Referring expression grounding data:
----
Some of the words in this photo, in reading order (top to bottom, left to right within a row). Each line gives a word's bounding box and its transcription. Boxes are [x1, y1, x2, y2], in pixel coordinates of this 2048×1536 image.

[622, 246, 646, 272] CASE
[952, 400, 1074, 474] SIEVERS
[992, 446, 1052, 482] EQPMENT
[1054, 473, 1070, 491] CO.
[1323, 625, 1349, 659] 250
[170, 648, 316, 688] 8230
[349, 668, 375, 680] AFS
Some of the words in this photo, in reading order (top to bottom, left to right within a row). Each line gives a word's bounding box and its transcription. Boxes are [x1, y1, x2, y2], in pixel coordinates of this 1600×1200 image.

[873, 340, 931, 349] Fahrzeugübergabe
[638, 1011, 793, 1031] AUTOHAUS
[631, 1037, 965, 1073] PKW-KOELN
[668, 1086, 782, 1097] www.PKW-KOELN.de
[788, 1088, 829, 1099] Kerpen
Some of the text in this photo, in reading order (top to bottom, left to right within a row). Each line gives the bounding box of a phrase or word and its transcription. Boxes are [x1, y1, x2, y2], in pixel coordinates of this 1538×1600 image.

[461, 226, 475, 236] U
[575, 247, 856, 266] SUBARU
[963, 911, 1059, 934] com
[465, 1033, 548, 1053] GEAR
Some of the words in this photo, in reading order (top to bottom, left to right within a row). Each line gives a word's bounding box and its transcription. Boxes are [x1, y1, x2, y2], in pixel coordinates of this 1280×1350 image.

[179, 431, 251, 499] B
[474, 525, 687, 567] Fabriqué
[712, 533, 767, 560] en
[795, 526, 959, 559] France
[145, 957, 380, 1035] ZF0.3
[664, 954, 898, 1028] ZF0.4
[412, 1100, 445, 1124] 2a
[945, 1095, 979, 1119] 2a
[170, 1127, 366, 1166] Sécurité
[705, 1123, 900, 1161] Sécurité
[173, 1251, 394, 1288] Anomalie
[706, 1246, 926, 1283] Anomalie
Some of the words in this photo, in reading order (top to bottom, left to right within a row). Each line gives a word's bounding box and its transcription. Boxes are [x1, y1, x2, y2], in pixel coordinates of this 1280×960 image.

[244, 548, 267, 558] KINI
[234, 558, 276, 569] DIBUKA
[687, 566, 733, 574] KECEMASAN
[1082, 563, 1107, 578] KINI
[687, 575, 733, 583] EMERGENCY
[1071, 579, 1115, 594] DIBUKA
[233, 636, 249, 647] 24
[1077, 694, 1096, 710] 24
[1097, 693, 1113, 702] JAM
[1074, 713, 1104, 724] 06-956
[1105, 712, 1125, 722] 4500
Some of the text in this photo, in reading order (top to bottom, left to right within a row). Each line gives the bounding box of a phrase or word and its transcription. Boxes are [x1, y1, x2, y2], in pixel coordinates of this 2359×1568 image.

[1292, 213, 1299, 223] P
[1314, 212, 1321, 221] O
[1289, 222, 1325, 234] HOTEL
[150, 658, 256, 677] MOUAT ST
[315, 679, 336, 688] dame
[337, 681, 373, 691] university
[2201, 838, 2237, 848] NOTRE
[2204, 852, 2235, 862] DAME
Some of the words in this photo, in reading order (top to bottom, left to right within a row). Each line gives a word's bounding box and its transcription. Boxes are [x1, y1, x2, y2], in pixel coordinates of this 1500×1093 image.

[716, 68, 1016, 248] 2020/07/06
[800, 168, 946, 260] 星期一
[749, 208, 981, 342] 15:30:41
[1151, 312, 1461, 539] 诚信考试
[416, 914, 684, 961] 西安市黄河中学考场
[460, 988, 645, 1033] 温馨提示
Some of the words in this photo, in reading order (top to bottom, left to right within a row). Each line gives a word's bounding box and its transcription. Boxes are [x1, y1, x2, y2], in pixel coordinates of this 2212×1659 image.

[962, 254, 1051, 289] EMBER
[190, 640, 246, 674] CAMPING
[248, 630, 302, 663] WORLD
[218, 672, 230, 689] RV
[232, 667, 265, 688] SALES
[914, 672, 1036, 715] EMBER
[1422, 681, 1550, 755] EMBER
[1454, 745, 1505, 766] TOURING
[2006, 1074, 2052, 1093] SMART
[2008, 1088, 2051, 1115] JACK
----
Work request -> Set down all of the records shown above once more, exactly.

The answer ->
Some of the words in this photo, in reading order (top to bottom, left to right within a row). Each line gives a word's bounding box and its transcription. Boxes are [x1, y1, x2, y2], in pixel coordinates of this 2048×1536 image.

[622, 246, 646, 272] CASE
[952, 400, 1074, 474] SIEVERS
[992, 446, 1052, 482] EQPMENT
[1054, 473, 1070, 491] CO.
[1323, 625, 1349, 659] 250
[170, 648, 316, 688] 8230
[349, 668, 375, 680] AFS
Some of the words in this photo, in reading order (top to bottom, left to right within a row). Each line gives a word's bounding box and its transcription. Boxes are [x1, y1, x2, y2], in pixel coordinates of this 1600×1200 image.

[873, 340, 931, 349] Fahrzeugübergabe
[638, 1011, 793, 1031] AUTOHAUS
[631, 1037, 965, 1073] PKW-KOELN
[668, 1086, 782, 1097] www.PKW-KOELN.de
[788, 1088, 829, 1099] Kerpen
Some of the text in this photo, in reading order (top to bottom, left to right within a row). Each line gives the bounding box of a phrase or word and its transcription. Boxes are [x1, y1, x2, y2], in pixel coordinates of this 1538×1600 image.

[461, 226, 475, 236] U
[575, 247, 856, 266] SUBARU
[963, 911, 1059, 934] com
[465, 1033, 548, 1053] GEAR
Some of the words in this photo, in reading order (top to bottom, left to right within a row). Each line gives a word's bounding box and its transcription. Boxes are [x1, y1, x2, y2], in pixel coordinates of this 1280×1350 image.

[179, 431, 251, 499] B
[474, 525, 687, 567] Fabriqué
[712, 533, 767, 560] en
[795, 526, 959, 559] France
[145, 957, 380, 1035] ZF0.3
[664, 954, 898, 1028] ZF0.4
[412, 1100, 445, 1124] 2a
[945, 1095, 979, 1119] 2a
[170, 1127, 366, 1166] Sécurité
[705, 1123, 900, 1161] Sécurité
[173, 1251, 394, 1288] Anomalie
[706, 1246, 926, 1283] Anomalie
Some of the words in this photo, in reading order (top to bottom, left to right within a row). Each line gives a word's bounding box and its transcription. Boxes are [x1, y1, x2, y2], in pixel coordinates of this 1280×960 image.

[244, 548, 267, 558] KINI
[234, 558, 276, 569] DIBUKA
[687, 566, 733, 574] KECEMASAN
[1082, 563, 1107, 578] KINI
[687, 575, 733, 583] EMERGENCY
[1071, 579, 1115, 594] DIBUKA
[233, 636, 249, 647] 24
[1077, 694, 1096, 710] 24
[1097, 693, 1113, 702] JAM
[1074, 713, 1104, 724] 06-956
[1105, 712, 1125, 722] 4500
Some of the text in this photo, in reading order (top to bottom, left to right within a row). Each line gives the bounding box of a phrase or word and its transcription. Boxes are [x1, y1, x2, y2], in pixel coordinates of this 2359×1568 image.

[1292, 213, 1299, 223] P
[1314, 212, 1321, 221] O
[1289, 222, 1325, 234] HOTEL
[150, 658, 256, 677] MOUAT ST
[315, 679, 336, 688] dame
[337, 681, 373, 691] university
[2201, 838, 2237, 848] NOTRE
[2204, 852, 2235, 862] DAME
Some of the words in this photo, in reading order (top to bottom, left to right within a row). Each line gives a word's bounding box and its transcription. Boxes are [x1, y1, x2, y2], in pixel coordinates of this 1500×1093 image.

[716, 68, 1016, 248] 2020/07/06
[800, 168, 946, 260] 星期一
[749, 208, 981, 342] 15:30:41
[1151, 312, 1461, 539] 诚信考试
[416, 914, 684, 961] 西安市黄河中学考场
[460, 988, 645, 1033] 温馨提示
Some of the words in this photo, in reading order (top to bottom, left to right within a row). Each line gives a word's bounding box and its transcription. Boxes are [x1, y1, x2, y2], in pixel coordinates of this 2212×1659 image.

[962, 254, 1051, 289] EMBER
[190, 640, 246, 674] CAMPING
[248, 630, 302, 663] WORLD
[218, 672, 230, 689] RV
[232, 667, 265, 688] SALES
[914, 672, 1036, 715] EMBER
[1422, 681, 1550, 755] EMBER
[1454, 745, 1505, 766] TOURING
[2006, 1074, 2052, 1093] SMART
[2008, 1088, 2051, 1115] JACK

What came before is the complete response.